Series 9, Drawings, circa 1835-1872, contains oversize drawings and some tables, ranging in size from approximately 48'' x 30'' to 21'' x 30''. Some of the papers are brittle and crumble easily. The series contains one work in German, "Werke Theorie und Bau der Wasserraeder" (A Work on the Theory and Construction of Waterwheels).

A significant portion of the series consists of Boyden's designs for turbines used at various mills throughout New England, including the Ames Manufacturing Company; the Amoskeag Manufacturing Company; the Appleton Company, the Atlantic Cotton Mills; the Hamilton Manufacturing Company; the Essex Company Machine Shop and Blacksmith Shop; the Lancaster Mill; the Manchester Printing Works; the Merrimack Manufacturing Company; the Merrimack Print Works; the Perkins Mills the Salmon Falls Manufacturing Company; the Stark Mills; and the New England Worsted Company and Suncook Manufacturing Company. More information on Boyden's work designing turbines for these companies can be found in Series 1, Correspondence, 1823-1879; Series 2, Notes on Turbines, 1833-1870; and Series 5, Notebooks, 1819-1867.

Of particular note are drawings from "Lowell Hydraulic Experiments", a work published in 1855 by James B. Francis. Francis developed an improved turbine based on the inward flow Poncelet turbine, which became known as the Francis turbine and was more efficient than the outward flow Boyden turbine. Boyden was an associate of Francis's, but it is unclear how closely involved he was in the development of the Francis turbine. One subseries, Boyden's improvements, contains drawings that demonstrate Boyden's development of new turbines.

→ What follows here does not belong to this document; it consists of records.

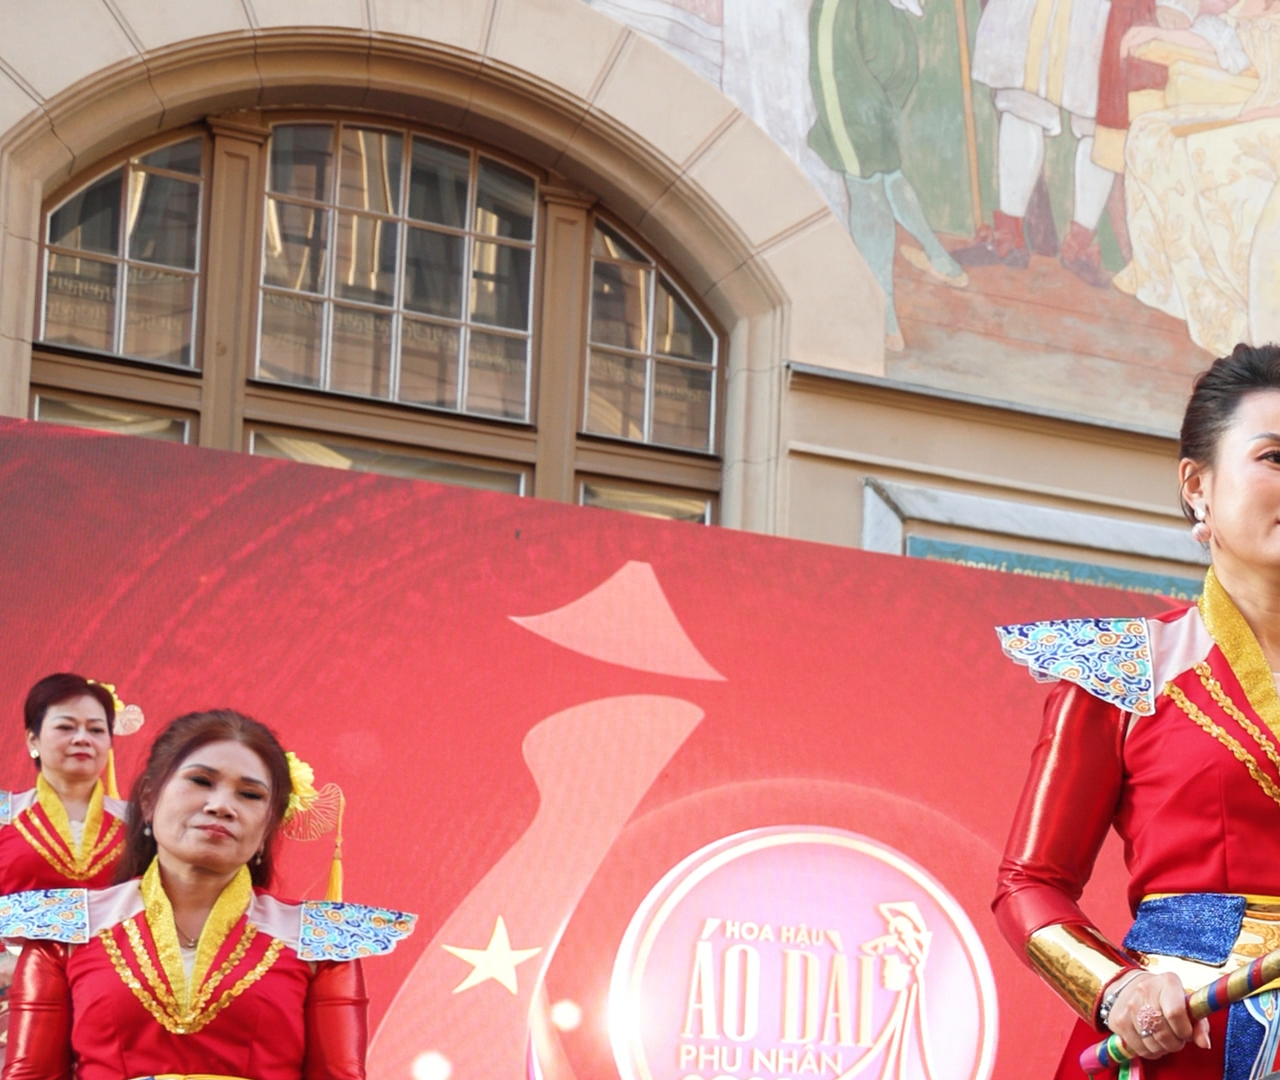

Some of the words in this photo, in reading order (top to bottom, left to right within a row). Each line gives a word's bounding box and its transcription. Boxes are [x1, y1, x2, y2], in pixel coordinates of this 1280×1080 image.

[725, 919, 775, 943] HOA
[780, 924, 825, 949] HẬU
[680, 917, 761, 1042] ÁO
[780, 929, 876, 1049] DÀI
[752, 1043, 844, 1076] NHÂN

The series also includes records from Boyden's experiments on sound in Charlestown, Massachusetts. Notes from other experiments on sound can be found in Series 4, Notes and Papers, 1806-1879, and Series 5, Notebooks, 1819-1867. Included in the series are designs for various tools, including a chronometer, differential galvanometer, hydraulic apparatus, and pneumatic glasses. Smaller copies of some of these drawings can be found in Series 4, Notes and Papers, 1806-1879.

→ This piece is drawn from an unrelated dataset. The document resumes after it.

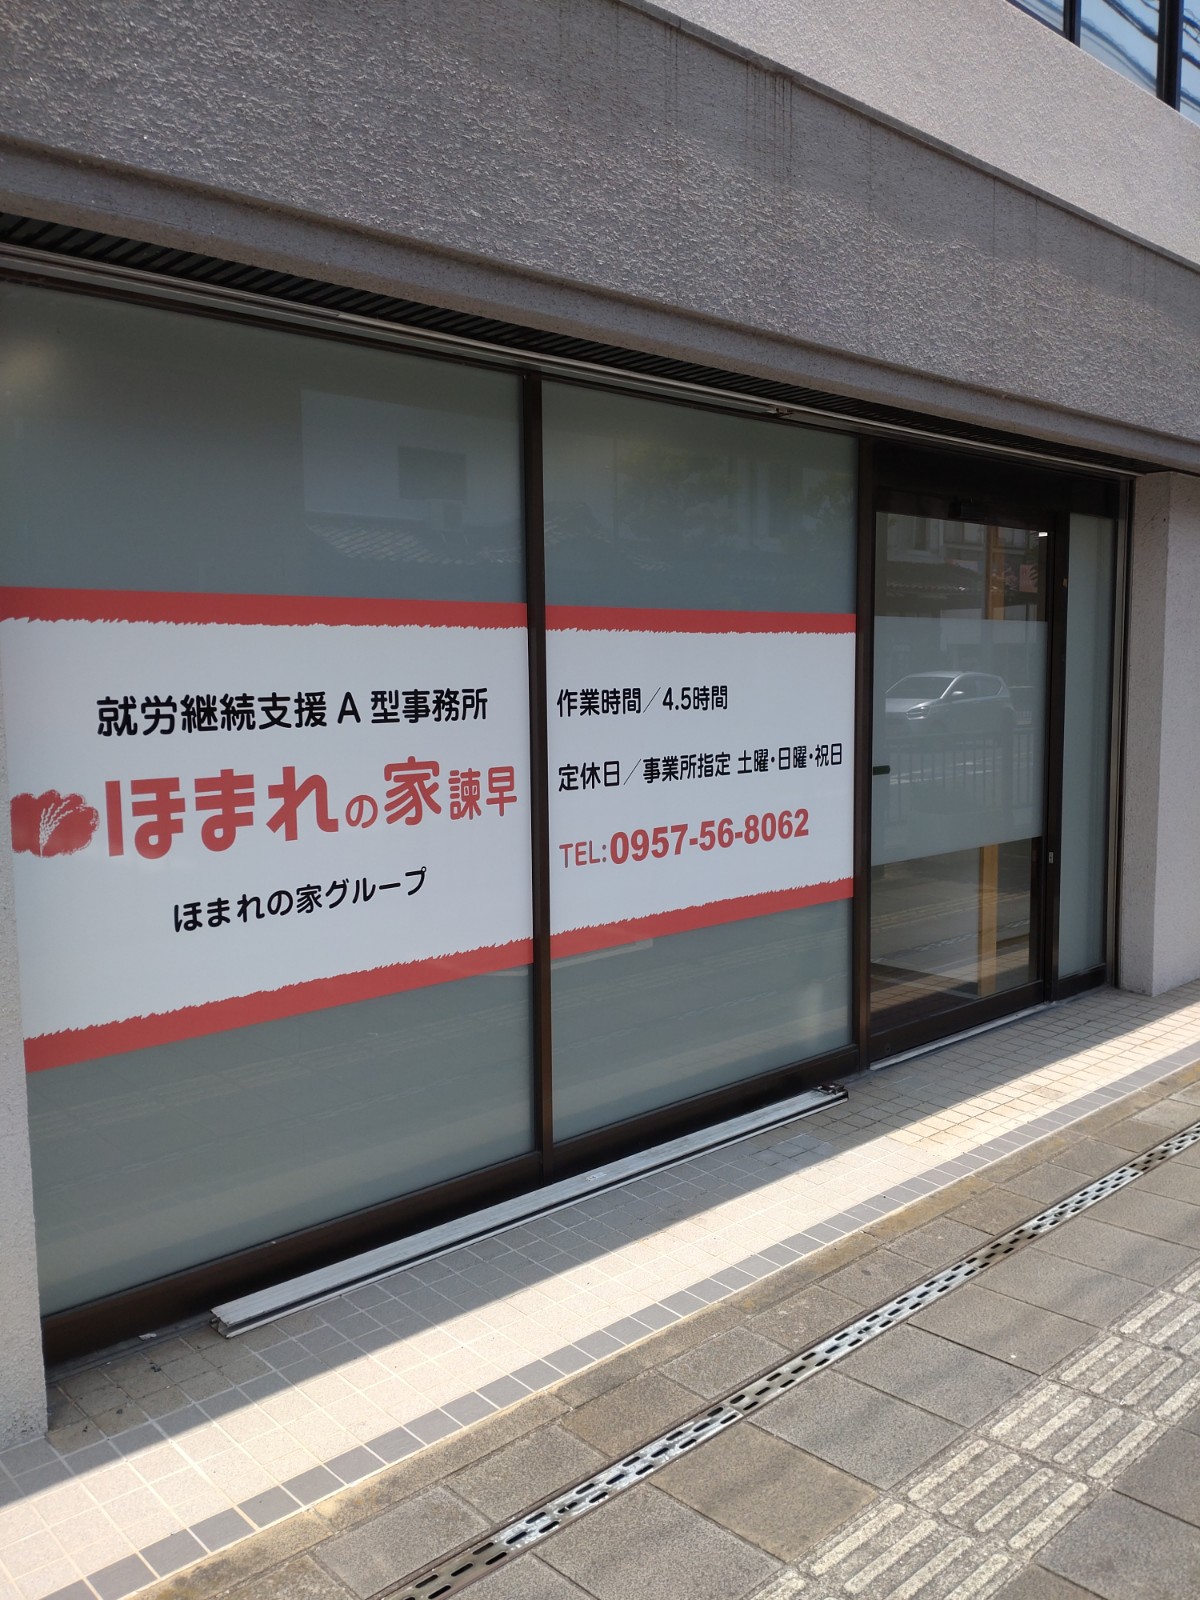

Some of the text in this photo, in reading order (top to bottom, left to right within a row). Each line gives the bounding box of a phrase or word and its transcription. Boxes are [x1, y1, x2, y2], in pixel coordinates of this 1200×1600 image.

[173, 866, 427, 933] ほまれの家グループ

Two folders of miscellaneous materials include several tables documenting people admitted to mental hospitals, the observation of tides made at the Charlestown Navy Yard; a table of fires in Boston; experiments on the wheel of the Poncelet System; a plan and sections for showing the results of surveys at the cold well in Brandon, Vermont; and designs for a brass apparatus, a rack of reflectors, an apparatus for measuring the heights of water, a glass scale, and a dynamometer. Nine folders contain unidentified drawings.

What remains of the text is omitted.